In April 2011, Spiegel proposed an app with ephemeral messaging as a product design class project. Later that year, Spiegel worked with fellow Stanford classmates Bobby Murphy and Reggie Brown to launch a prototype of this concept called "Picaboo", which they later renamed as Snapchat. The app's popularity grew significantly and in 2012, Spiegel left Stanford to focus on Snapchat shortly before completing his degree. By the end of 2012, Spiegel's Snapchat app had reached 1 million daily active users. He later completed his remaining credits and graduated in 2018. Time magazine named Spiegel as one of the 100 most influential people in the world in 2014 and 2017.

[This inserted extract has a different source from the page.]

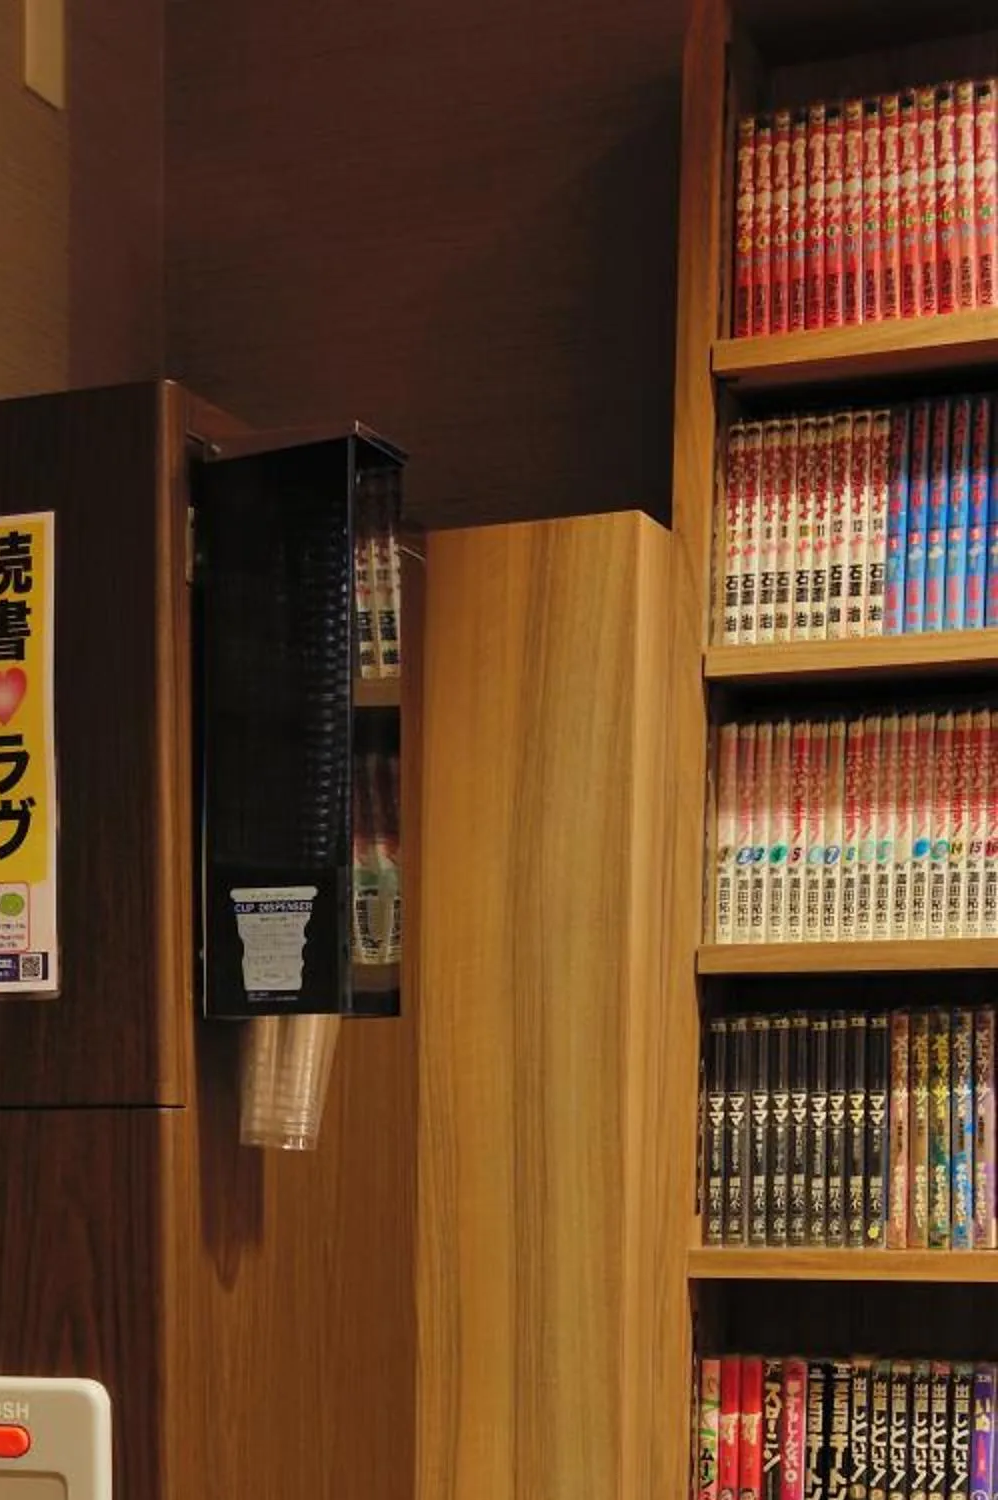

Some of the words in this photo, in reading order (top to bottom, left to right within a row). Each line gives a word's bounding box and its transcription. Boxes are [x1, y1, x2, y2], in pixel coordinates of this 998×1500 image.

In February 2017, Spiegel and Murphy pledged to donate upwards of 13,000,000 shares of Class A common stock over the next 15–20 years to an arts, education and youth non-profit. They have created the Snap Foundation which is a non-profit organization. Their mission is to "develop pathways to the creative economy for underrepresented youths in Los Angeles." During the COVID-19 pandemic, they donated $3 million to people affected by the pandemic. In January 2017 The Wall Street Journal reported that after the predicted March 2017 initial public offering for Snap Inc., Murphy and Evan Spiegel would hold over "70% of the voting power" in the company, and own around 45% of the total stock.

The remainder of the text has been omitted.